Deadline for manuscript submissions: closed (30 May 2015)

Special Issue Editor

Guest Editor
Dr. Krishan Kumar

Director, Laboratory for Translational Research in Imaging Pharmaceuticals; Ohio State Molecular Imaging Pharmaceutical Scholar; Department of Radiology, The Ohio State University, 460 West 12th Ave, Columbus, OH 43240, USA
Phone: 732 766 5222
Interests: Targeted MRI Contrast Agents, Nano Material Based MRI Contrast Agents, PET Imaging Agents Using Antibodies and Antibody Fragments, and Process Development for PET Radionuclides Production and Separation

Special Issue Information

Dear Colleagues,

Magnetic Resonance Imaging (MRI) has become a routine technique in diagnostics imaging. Millions of MRI procedures are performed every year. It is a safe, non-invasive, and non-destructive tool for imaging soft tissues and for detecting tumors in many organs. Significant progress has been made since the first demonstration of the MRI in the 1970’s; increasingly sophisticated instrumentations and T1 and T2 MRI contrast agents (CAs) have been developed. For example, numerous CAs have become available commercially since the introduction of the first gadolinium-based MRI contrast agent in the 1980s. Subsequently, gadolinium-based CAs have become the subject of a black-box warning from the US FDA. This was due to reported serious side effects, termed Nephrogenic Systemic Fibrosis (NSF), in patients with impaired renal functions. Therefore, recent research has been focused on the development of a newer generation of MRI contrast agents with greater efficiency (high relaxivity), and increased safety (i.e., no loss of gadolinium in vivo) and targeting capability; these developments include several nanoparticle-based technologies.

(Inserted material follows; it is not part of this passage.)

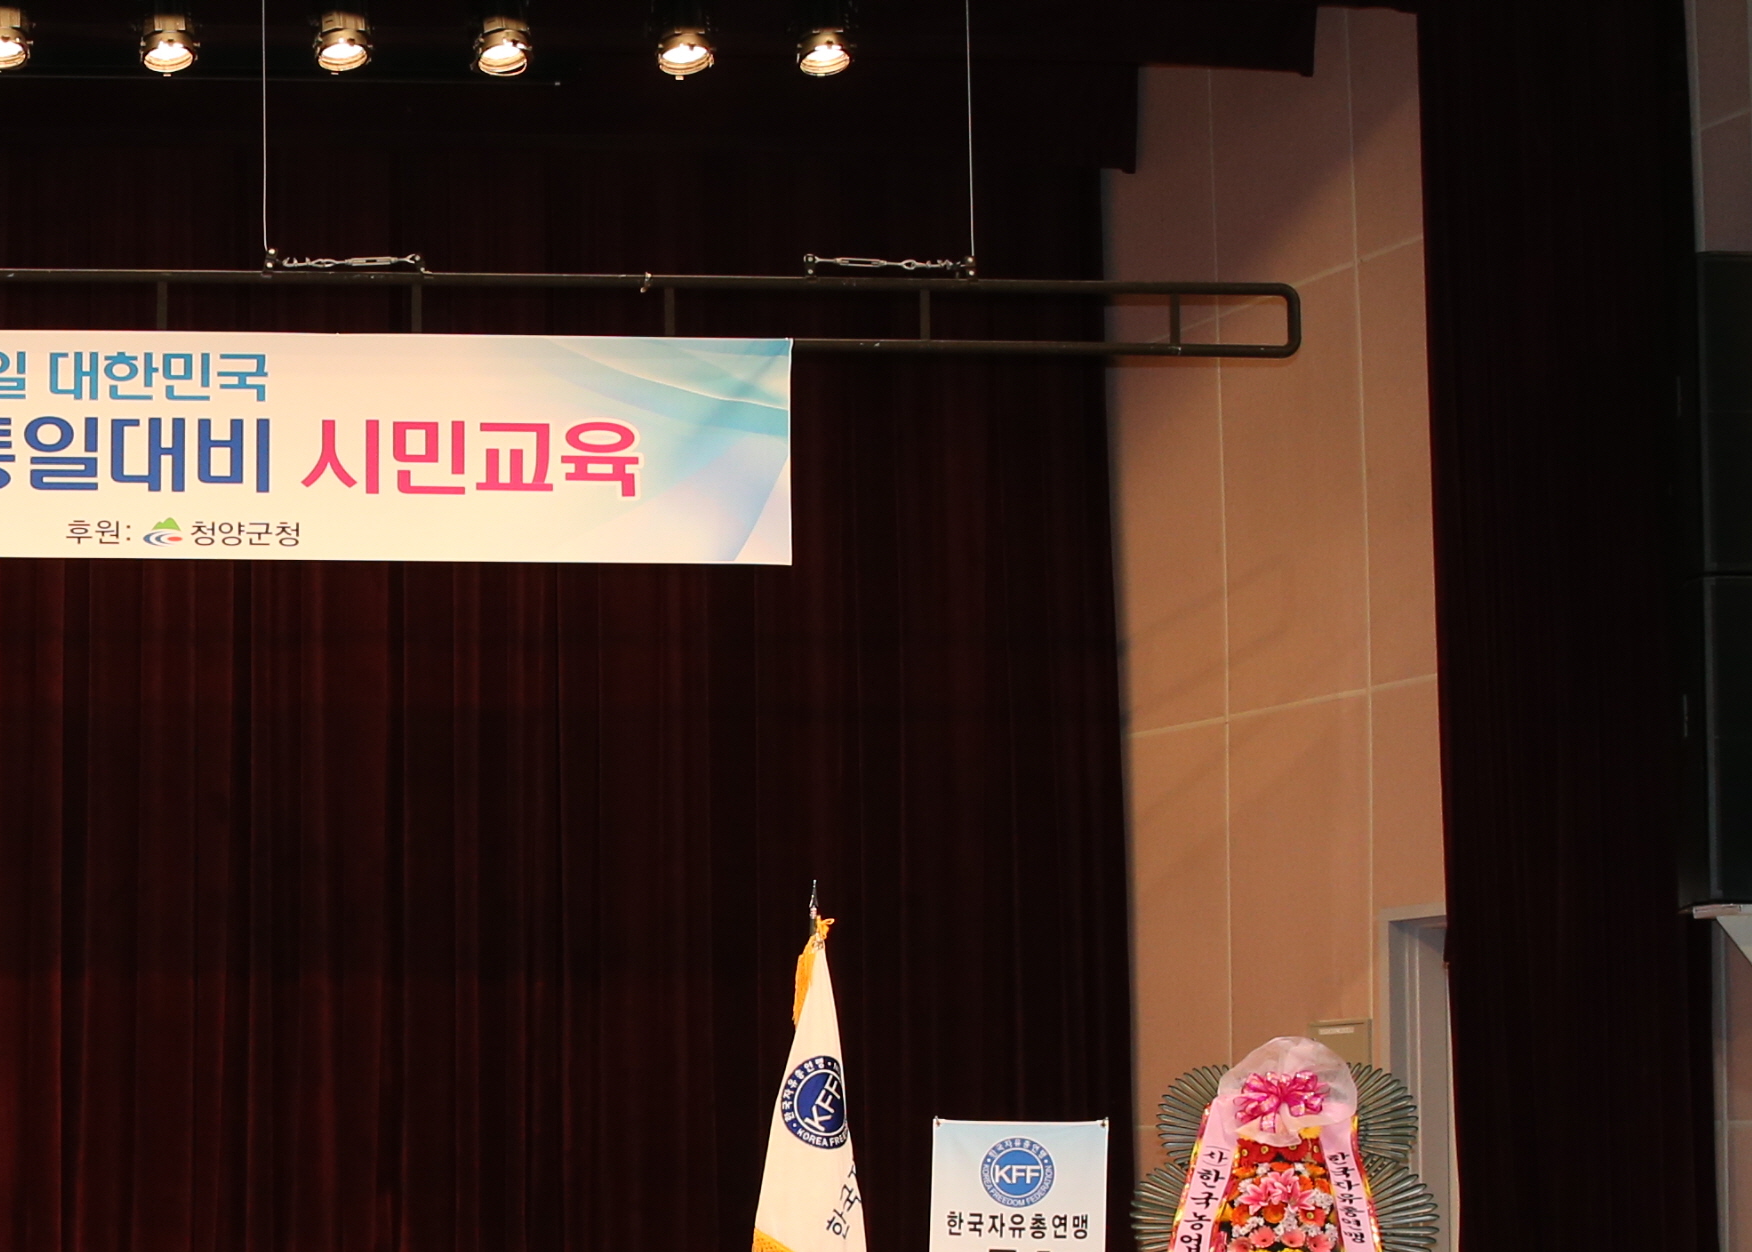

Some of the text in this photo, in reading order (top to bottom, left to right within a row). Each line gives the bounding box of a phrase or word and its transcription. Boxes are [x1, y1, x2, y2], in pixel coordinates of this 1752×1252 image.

Hybrid technologies involving PET/CT and SPECT/CT are being used routinely in the clinic with many thousands of scanners being used worldwide, while PET/MR imaging has been recently approved for clinical use. This encourages researchers to investigate the further development of SPECT/MR based technology. This Special Issue will provide a forum for communication among chemists, physicists, biologists, biochemists, and medical practitioners, such a radiologists. The issue will focus on research and review articles related to developments in MRI technologies, novel MRI contrast agents, clinical applications, and pharmacovigilance.

Dr. Krishan Kumar
Guest Editor

Submission

Manuscripts should be submitted online at www.mdpi.com by registering and logging in to this website. Once you are registered, click here to go to the submission form. Manuscripts can be submitted until the deadline. Papers will be published continuously (as soon as accepted) and will be listed together on the special issue website. Research articles, review articles as well as communications are invited. For planned papers, a title and short abstract (about 100 words) can be sent to the Editorial Office for announcement on this website.

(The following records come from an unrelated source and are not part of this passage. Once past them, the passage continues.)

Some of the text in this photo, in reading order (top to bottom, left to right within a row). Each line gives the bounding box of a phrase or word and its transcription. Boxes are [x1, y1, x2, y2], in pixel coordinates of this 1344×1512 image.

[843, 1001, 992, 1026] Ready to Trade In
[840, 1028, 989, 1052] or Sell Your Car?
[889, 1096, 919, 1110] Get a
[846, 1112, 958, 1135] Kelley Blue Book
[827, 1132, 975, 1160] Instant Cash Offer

Submitted manuscripts should not have been published previously, nor be under consideration for publication elsewhere (except conference proceedings papers). All manuscripts are refereed through a peer-review process. A guide for authors and other relevant information for submission of manuscripts is available on the Instructions for Authors page. Diagnostics is an international peer-reviewed Open Access quarterly journal published by MDPI.

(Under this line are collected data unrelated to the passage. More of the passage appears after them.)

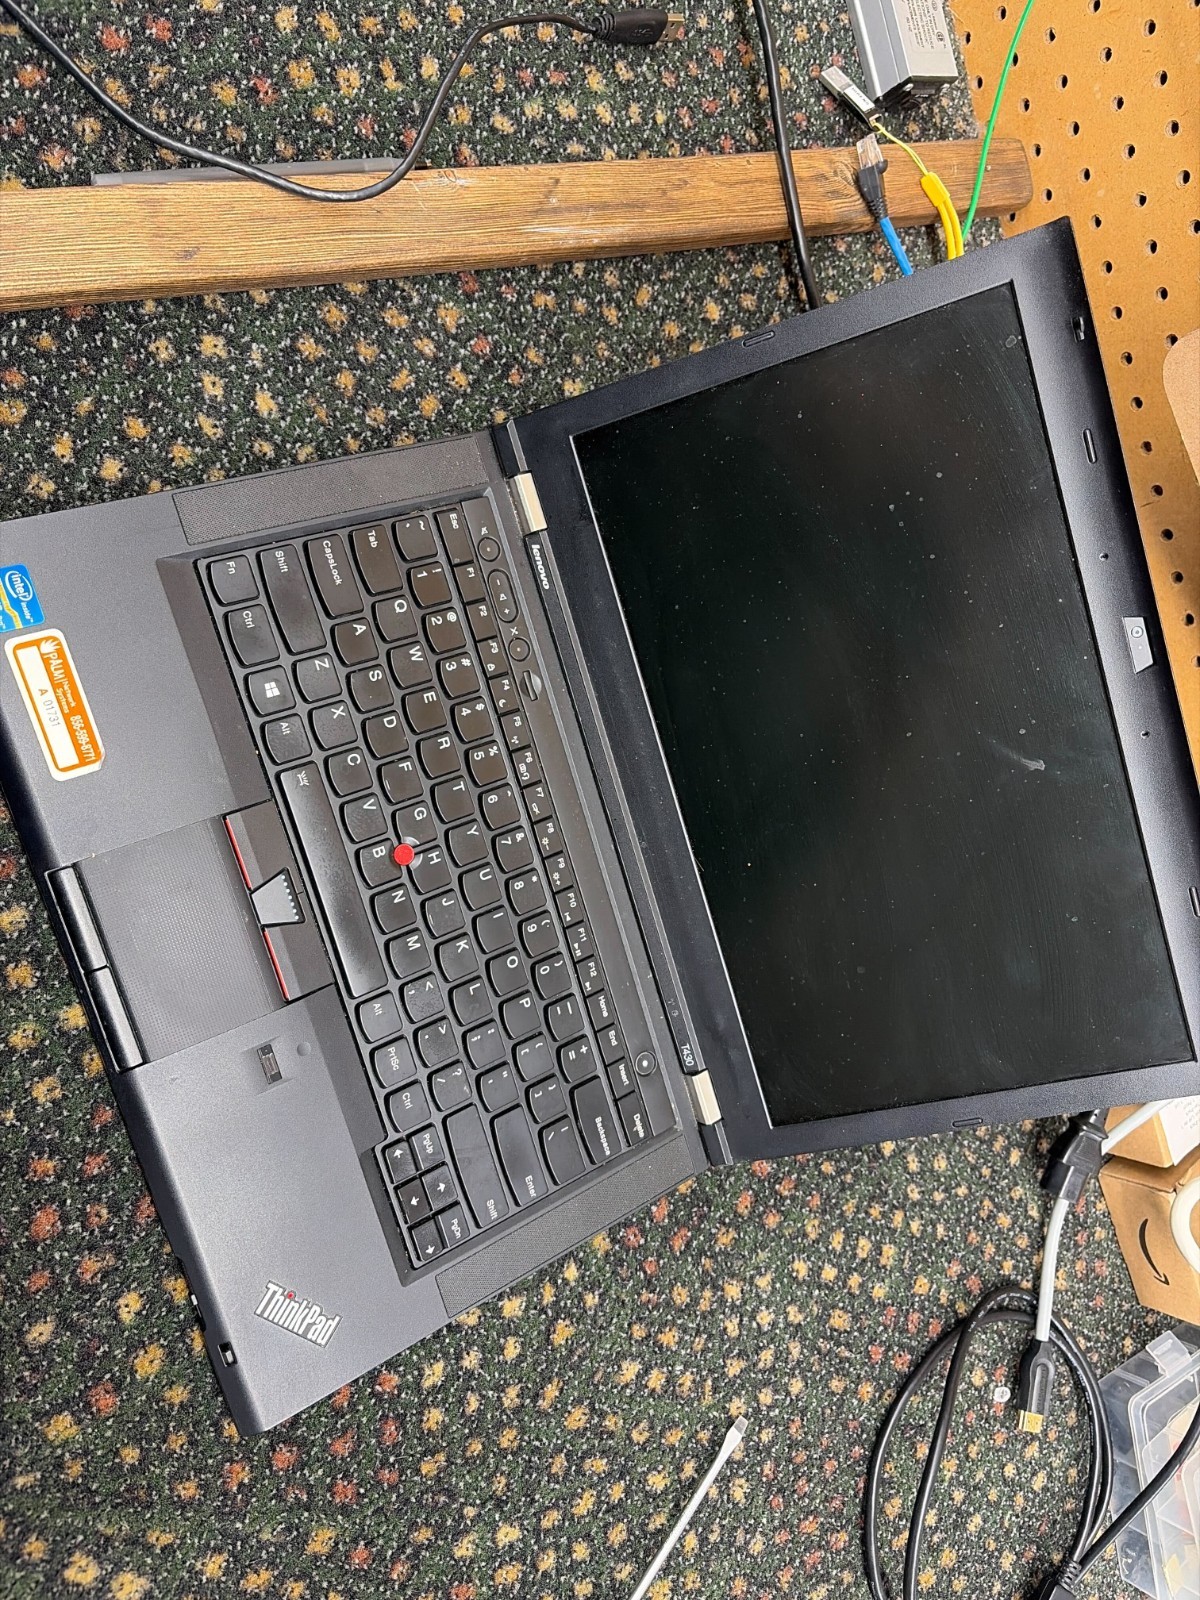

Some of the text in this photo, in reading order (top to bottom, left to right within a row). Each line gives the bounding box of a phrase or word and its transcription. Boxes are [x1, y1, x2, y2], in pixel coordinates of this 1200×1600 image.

[450, 514, 458, 529] Esc
[368, 530, 378, 547] Tab
[275, 551, 288, 572] Shift
[323, 541, 342, 585] CapsLock
[532, 544, 550, 590] lenovo
[227, 562, 235, 574] Fn
[467, 568, 475, 577] F1
[11, 573, 29, 598] intel
[395, 600, 407, 613] Q
[479, 606, 487, 616] F2
[243, 611, 255, 628] Ctrl
[431, 616, 442, 625] 2
[353, 624, 366, 635] A
[409, 646, 423, 660] W
[489, 641, 498, 653] F3
[43, 652, 65, 681] PALM
[315, 658, 329, 670] Z
[446, 662, 456, 670] 3
[369, 670, 382, 681] S
[502, 680, 510, 690] F4
[61, 680, 77, 708] Network
[424, 692, 436, 703] E
[55, 687, 70, 714] Systems
[38, 688, 61, 727] A 01731
[331, 706, 345, 718] X
[462, 708, 471, 716] 4
[384, 716, 396, 727] D
[514, 716, 521, 726] F5
[280, 723, 290, 734] Alt
[69, 714, 97, 763] 856-599-8771
[438, 737, 450, 749] R
[348, 754, 360, 765] C
[474, 752, 484, 760] 5
[525, 752, 532, 763] F6
[399, 762, 412, 771] F
[453, 781, 465, 791] T
[536, 787, 544, 797] F7
[363, 799, 376, 809] V
[488, 795, 498, 803] 6
[414, 808, 426, 820] G
[467, 825, 479, 835] Y
[547, 823, 554, 833] F8
[373, 846, 385, 857] B
[428, 852, 441, 864] H
[558, 858, 565, 868] F9
[480, 869, 492, 880] U
[514, 881, 524, 890] 8
[392, 890, 405, 903] N
[568, 893, 576, 907] F10
[528, 924, 537, 932] 9
[578, 928, 587, 941] F11
[407, 935, 420, 950] M
[456, 940, 469, 952] K
[507, 956, 518, 968] O
[540, 966, 549, 974] 0
[588, 962, 597, 977] F12
[470, 983, 480, 995] L
[520, 998, 530, 1007] P
[599, 996, 608, 1017] Home
[373, 1004, 382, 1015] Alt
[609, 1030, 617, 1046] End
[388, 1047, 399, 1070] PrtSc
[681, 1043, 694, 1067] T430
[619, 1064, 629, 1085] Insert
[403, 1093, 413, 1109] Ctrl
[633, 1114, 644, 1137] Delete
[595, 1117, 610, 1155] Backspace
[423, 1133, 433, 1153] PgUp
[526, 1175, 536, 1197] Enter
[487, 1200, 497, 1219] Shift
[451, 1218, 461, 1238] PgDn
[254, 1280, 342, 1348] ThinkPad

Please visit the Instructions for Authors page before submitting a manuscript. The Article Processing Charge (APC) for publication in this open access journal is 300 CHF (Swiss Francs). English correction and/or formatting fees of 250 CHF (Swiss Francs) will be charged in certain cases for those articles accepted for publication that require extensive additional formatting and/or English corrections.


Keywords

  • Nuclear Magnetic Resonance, NMR
  • NMR in Biomedicine
  • Magnetic Resonance Imaging, MRI
  • Contrast Agents
  • MRI Contrast Agents
  • Enhanced Relaxivity
  • T1 Agents, T2 Agents
  • Nanoparticulate-Based MRI Contrast Agents
  • PET/MR, SPECT/MR
  • Nephrogenic Systemic Fibrosis

Published Papers (3 papers)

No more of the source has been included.